Text-to-region grounding data
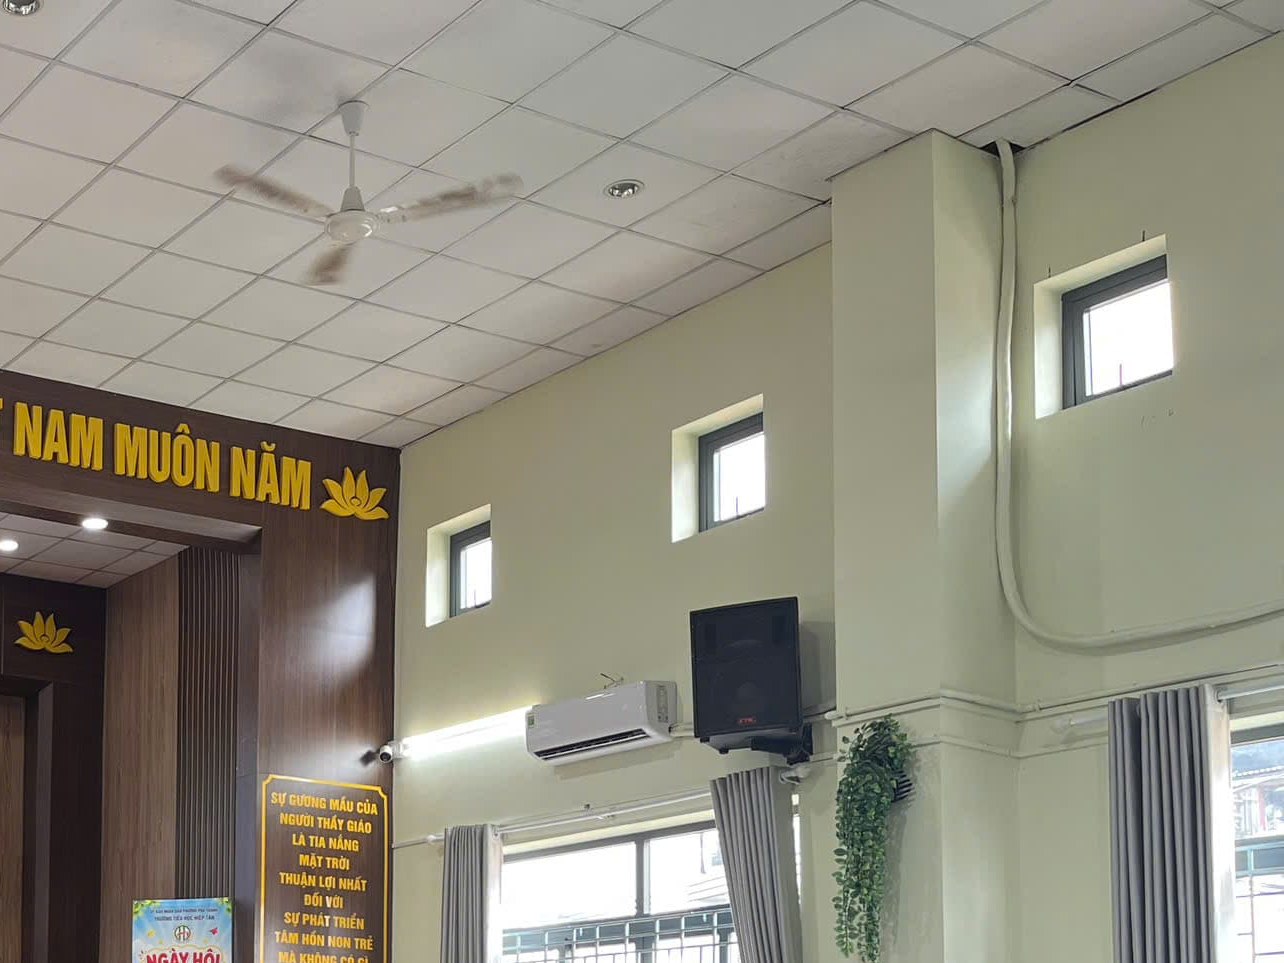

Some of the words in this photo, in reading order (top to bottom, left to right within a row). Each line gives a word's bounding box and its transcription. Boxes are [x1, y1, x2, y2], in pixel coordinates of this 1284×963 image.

[14, 402, 103, 471] NAM
[115, 424, 219, 492] MUÔN
[230, 443, 311, 510] NĂM
[271, 792, 287, 807] SỰ
[356, 799, 378, 815] CỦA
[346, 819, 372, 834] GIÁO
[309, 835, 326, 848] TIA
[279, 872, 316, 888] THUẬN
[319, 875, 335, 890] LỢI
[338, 875, 367, 891] NHẤT
[284, 912, 301, 927] SỰ
[302, 912, 330, 927] PHÁT
[275, 930, 299, 944] TÂM
[327, 935, 351, 949] NON

▶ **WHAT NEEDS TO BE DONE**
Retype the data in full. Images do not go in the copy.

▶ **EXERCISE RESPONSE**
Some of the words in this photo, in reading order (top to bottom, left to right within a row). Each line gives a word's bounding box and its transcription. Boxes are [x1, y1, x2, y2], in pixel coordinates of this 1284×963 image.

[14, 402, 103, 471] NAM
[115, 424, 219, 492] MUÔN
[230, 443, 311, 510] NĂM
[271, 792, 287, 807] SỰ
[356, 799, 378, 815] CỦA
[346, 819, 372, 834] GIÁO
[309, 835, 326, 848] TIA
[279, 872, 316, 888] THUẬN
[319, 875, 335, 890] LỢI
[338, 875, 367, 891] NHẤT
[284, 912, 301, 927] SỰ
[302, 912, 330, 927] PHÁT
[275, 930, 299, 944] TÂM
[327, 935, 351, 949] NON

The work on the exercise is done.